Especially since MCP now runs as a software CPU emulator under x86-64 Linux, and Unisys has done a lot of work to enable Linux and MCP processes to seamlessly talk to each other – so you can create hybrid apps which retain the MCP core but add components written in Java/etc running directly under Linux – that makes it really hard for contemporary MCP to provide much more security than the host Linux system does.



Maybe, but then again, those systems are based on a systems language that the industry has spent 50 years mostly ignoring its design flaws, until governments decided it was about time to start taking liabilities in cybersecurity seriously.

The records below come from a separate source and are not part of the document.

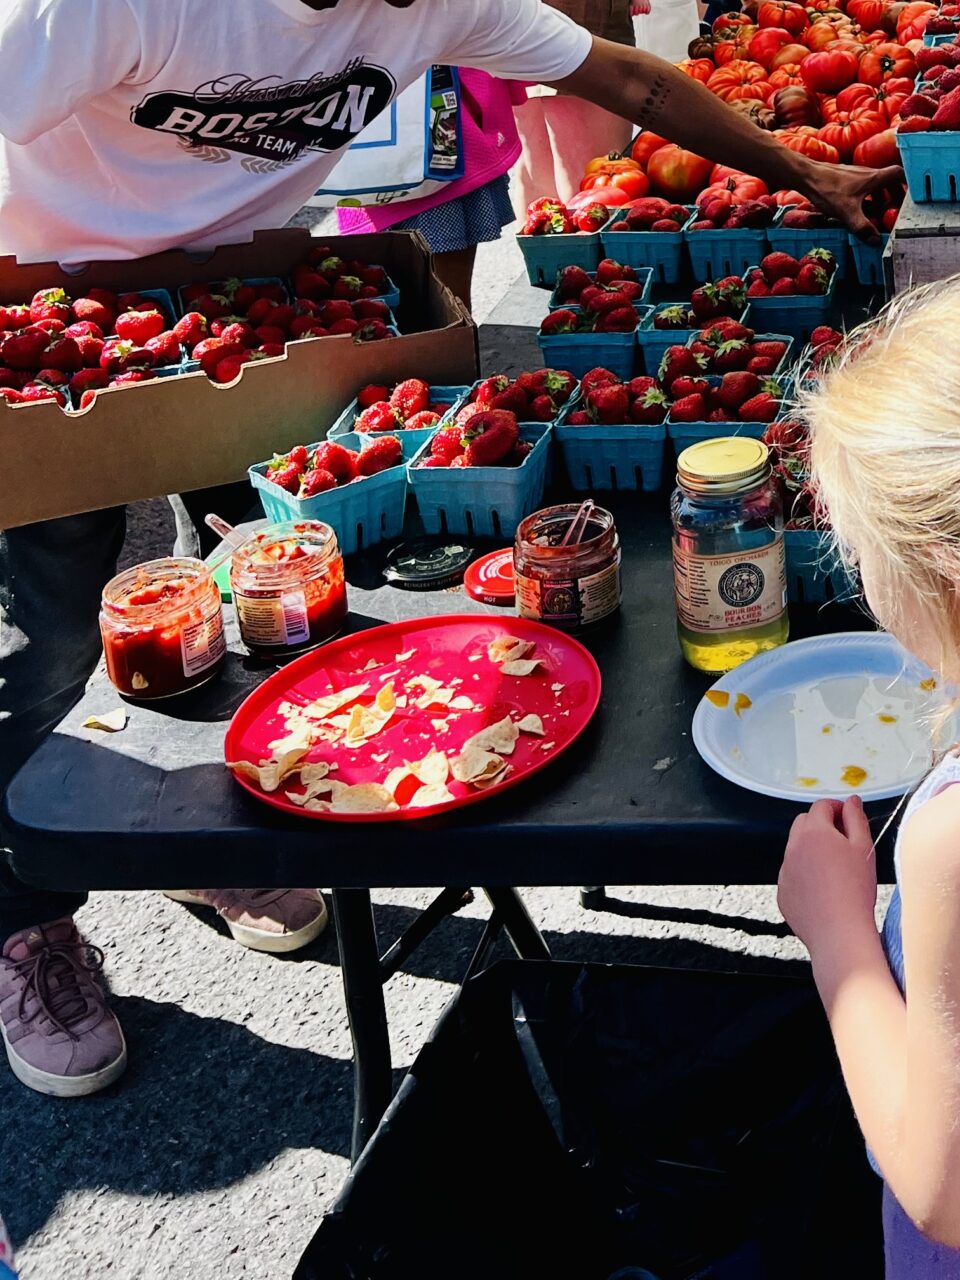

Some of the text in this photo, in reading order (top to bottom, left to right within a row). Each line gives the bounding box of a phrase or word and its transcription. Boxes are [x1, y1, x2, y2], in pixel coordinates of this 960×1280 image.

[155, 84, 376, 140] BOSTON
[256, 134, 297, 155] TEAM
[483, 595, 497, 603] HOT
[724, 604, 762, 617] BOURBON
[725, 610, 763, 623] PEACHES

Also I didn't came up with this myself, it is part of their marketing materials and white papers.

Finally, if it was worthless they would have probably dropped it by now.

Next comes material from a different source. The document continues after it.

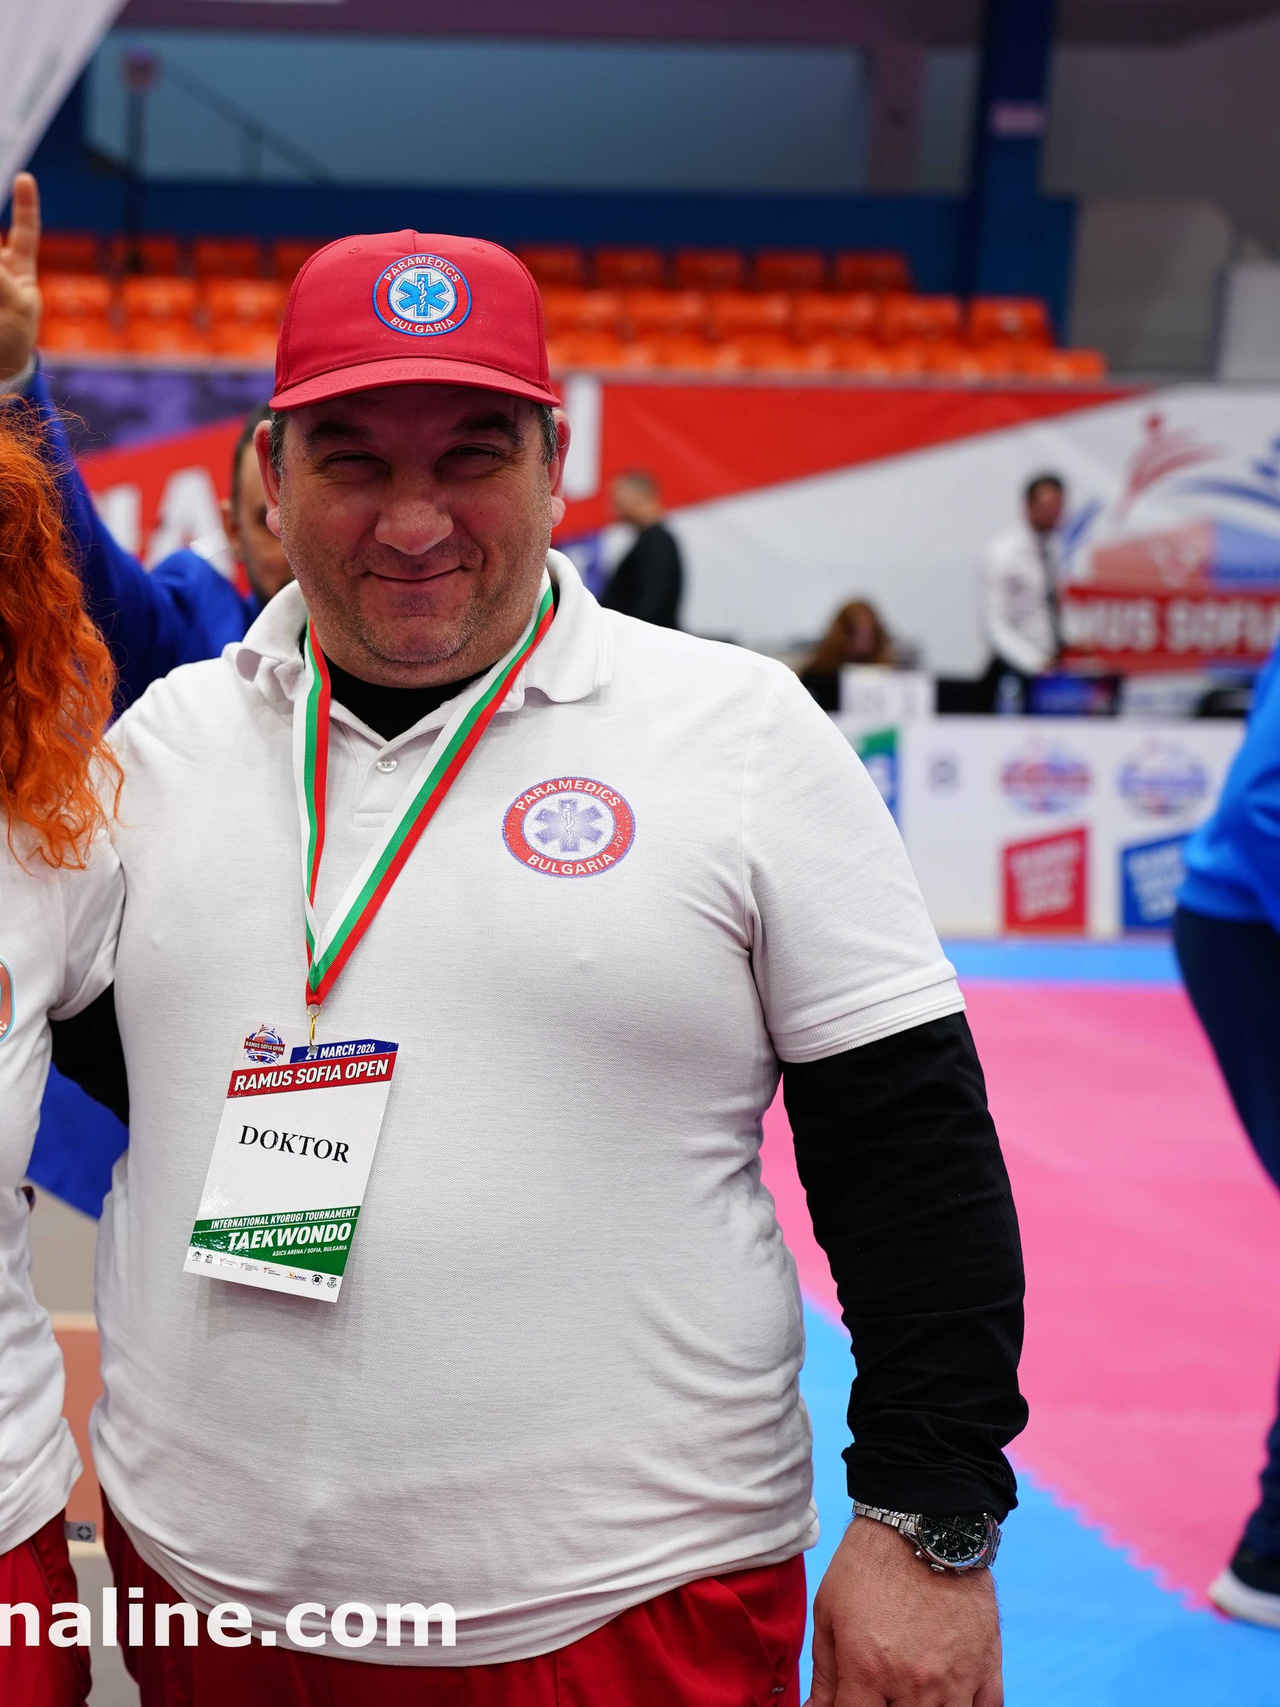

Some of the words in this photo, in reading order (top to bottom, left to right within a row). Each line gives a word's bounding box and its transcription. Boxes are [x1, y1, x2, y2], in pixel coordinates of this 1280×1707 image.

> Also I didn't came up with this myself, it is part of their marketing materials and white papers.

> Finally, if it was worthless they would have probably dropped it by now.

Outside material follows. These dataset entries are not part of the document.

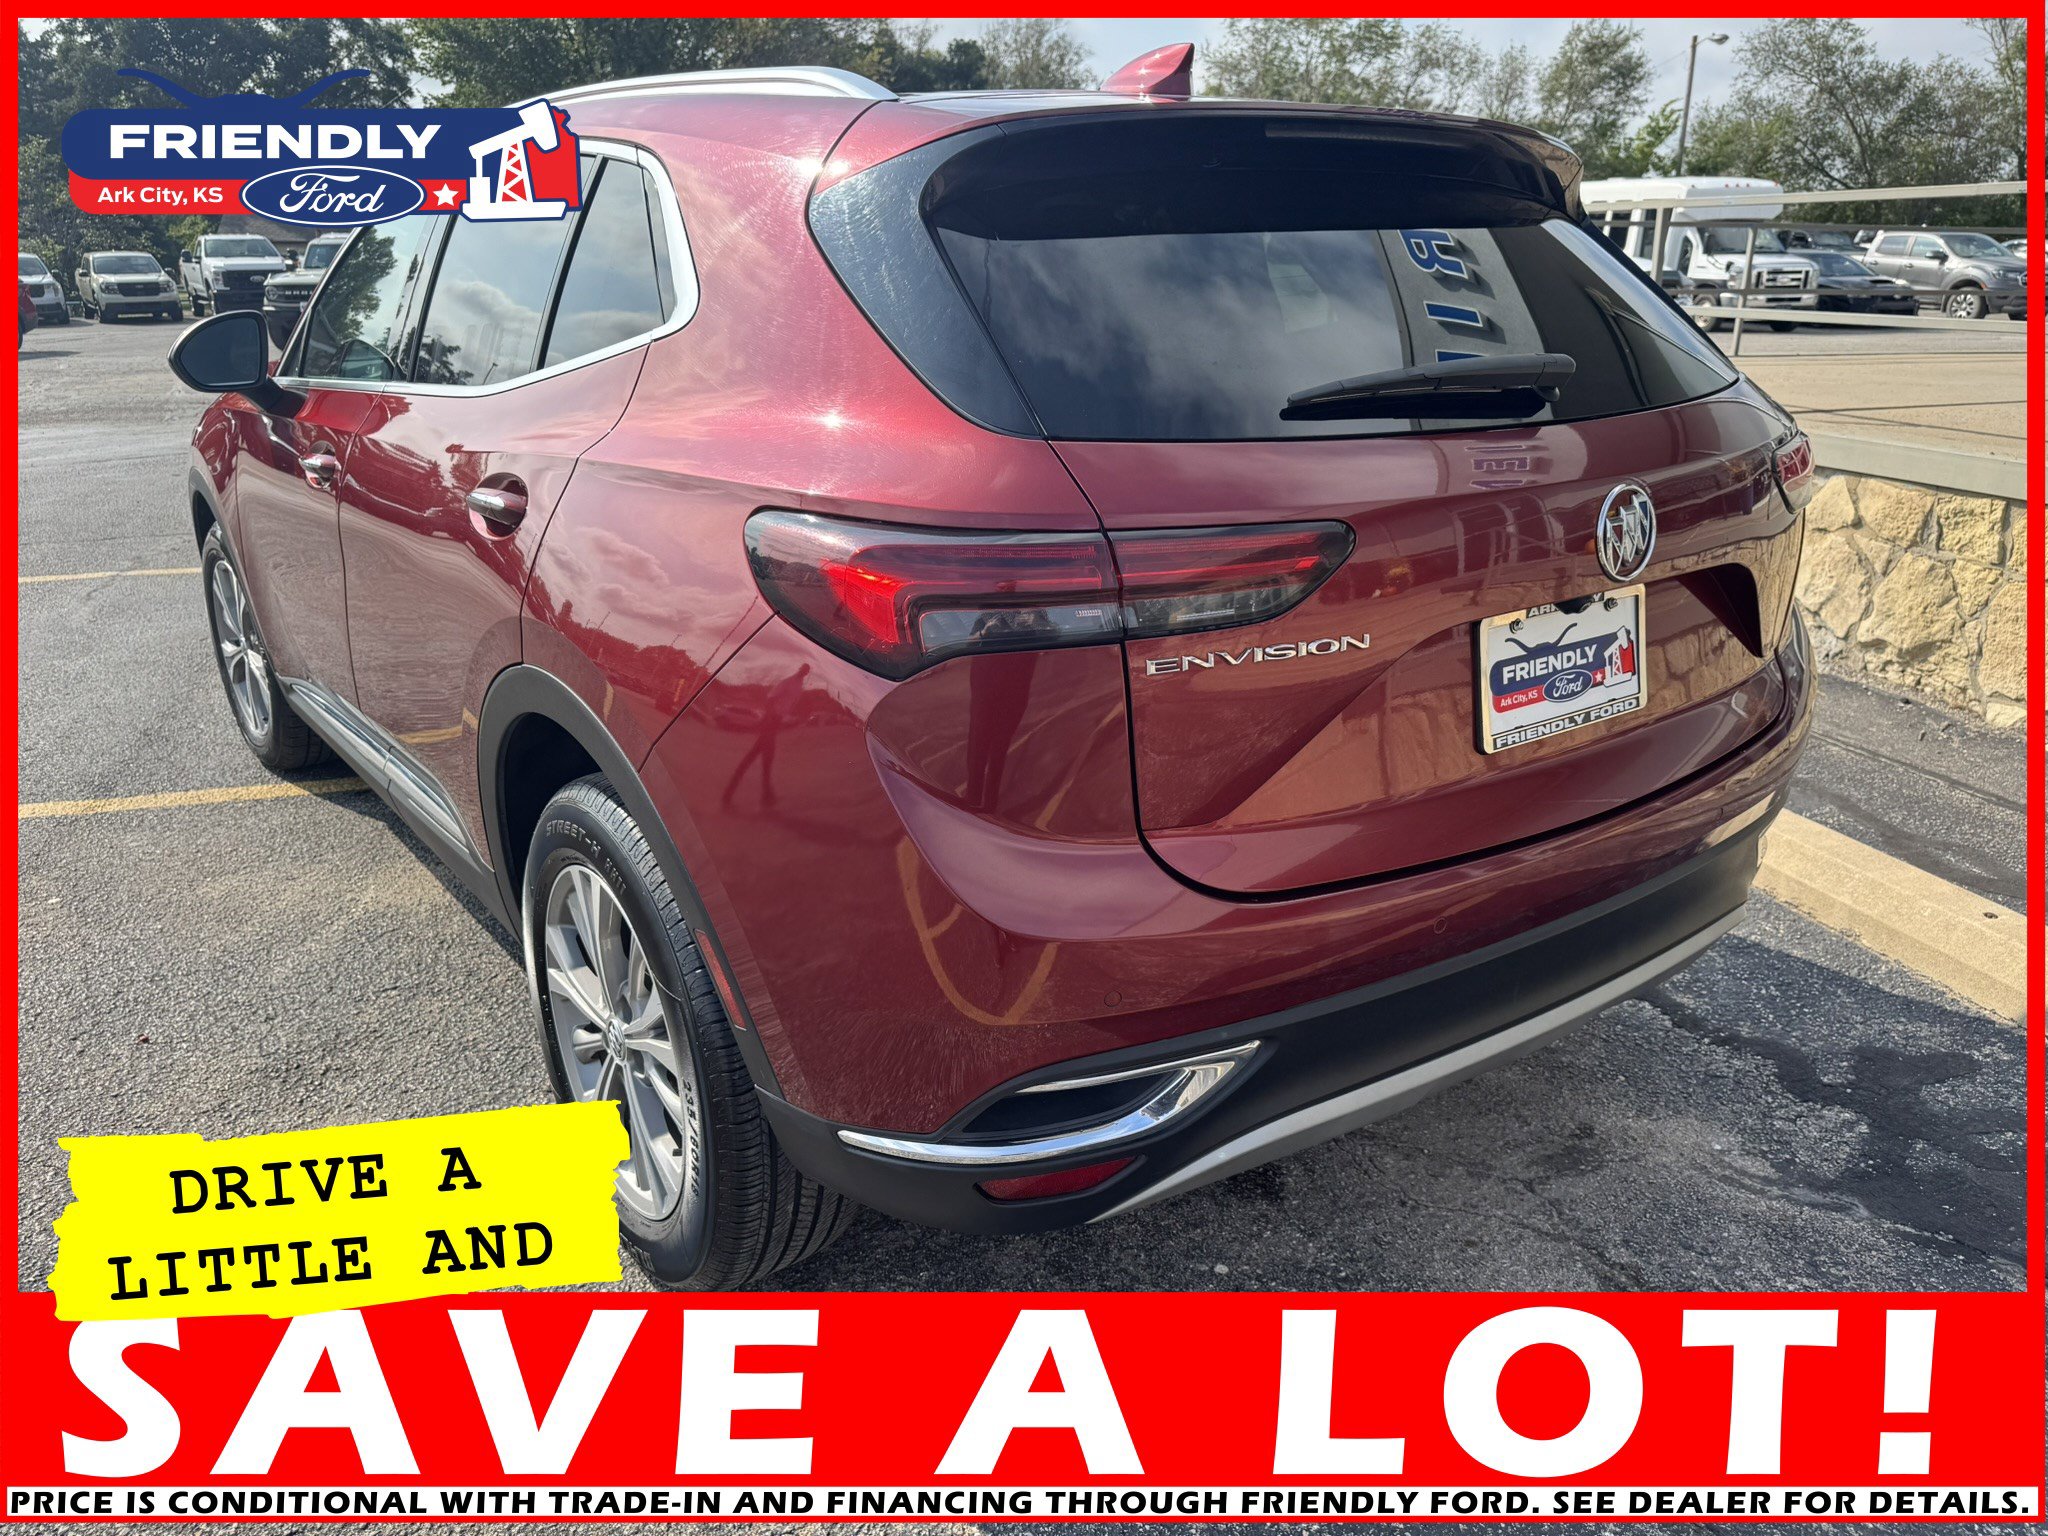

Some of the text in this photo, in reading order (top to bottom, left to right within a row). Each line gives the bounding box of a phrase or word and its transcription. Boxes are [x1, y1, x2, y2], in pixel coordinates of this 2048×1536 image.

[1146, 633, 1371, 676] ENVISION
[1502, 644, 1597, 685] FRIENDLY
[1500, 690, 1538, 707] Ark City, KS
[1552, 674, 1583, 698] Ford
[1496, 699, 1637, 749] FRIENDLY FORD

Companies love to "talk up" their products in marketing materials. It is far from uncommon for those materials to contain claims which, while not entirely false, aren't exactly true either – and I suspect that's what's happening here.

IBM does the same thing – listen to some IBM i person tell you how "advanced" their operating system is compared to everything else – sure, there's some theoretical truth to that, but in practical terms it is more true in the past than in the present


The CPU emulator part got me thinking, because Burroughs B5000 never was bare metal anyway, rather it was also one of the first bytecode based OSes, so it isn't really emulation when running on the Libra systems.

That would like saying Java/Android and .NET applications, or IBM i, are running under an emulator, even though technically a dynamic compiler is a form of emulation.


I think there is a big difference: the original hardware, the “emulator” was in the CPU microcode - so very close to bare metal, and was narrowly targeted to only do what it needed to do.

Compare that to a software emulator running under a commodity general-purpose operating system-it is a lot further from the bare metal, once you consider all the layers in-between (the OS kernel, libc, etc), the trusted computing base is a lot larger: its size has grown dramatically, being general-purpose includes lots of features the emulator doesn’t need or use - so from a security viewpoint, this is in some respects a step backwards - even though made necessary by economics, and simultaneously has some practical security benefits - although the general purpose OS may be theoretically worse from a security perspective, it receives huge amounts of attention, which helps keep it secure; a rarely used proprietary platform, whatever its theoretical advantages, doesn’t receive the same attention, making it more likely vulnerabilities may lurk undiscovered


Does it run on anything later than Netburst (P4) based Xeons? Can it use dual-cores, or multi-sockets, at least?

Otherwise your suggestion seems similar to recommending the latest Itanium by HP (around 2017) running OpenVMS. Which probably would be much faster.


BAE STOP 8.8.2 completed Common Criteria security evaluation in September 2023. [0] The evaluated configuration was a BAE XTS-752 machine which uses an Intel Xeon Gold 6256 CPU (Cascade Lake, released 2020, 12 cores), although the evaluation says that the STOP operating system is supported on any "x86 CPU(s) supporting the x86_64 instruction set and features (Intel™ Core™, Intel Xeon or AMD™ x86_64)"

Unisys MCP now runs on Azure, so it would run on whatever Azure uses.

I think both work on commodity x86-64 server hardware; in BAE STOP's case, you need to use the exact hardware in the security evaluation for that evaluation to fully apply; otherwise, you may need to do further analysis and get approval to deviate from it, depending on the policies of the client organisation.

Unisys MCP lacks Common Criteria evaluation (unlike say Red Hat Enterprise Linux), so even if you believe it is more secure than mainstream alternatives, there is no evidence any third party has done any security evaluation to confirm that. (Maybe some really old version did receive a security evaluation, but that has limited relevance to current ones.)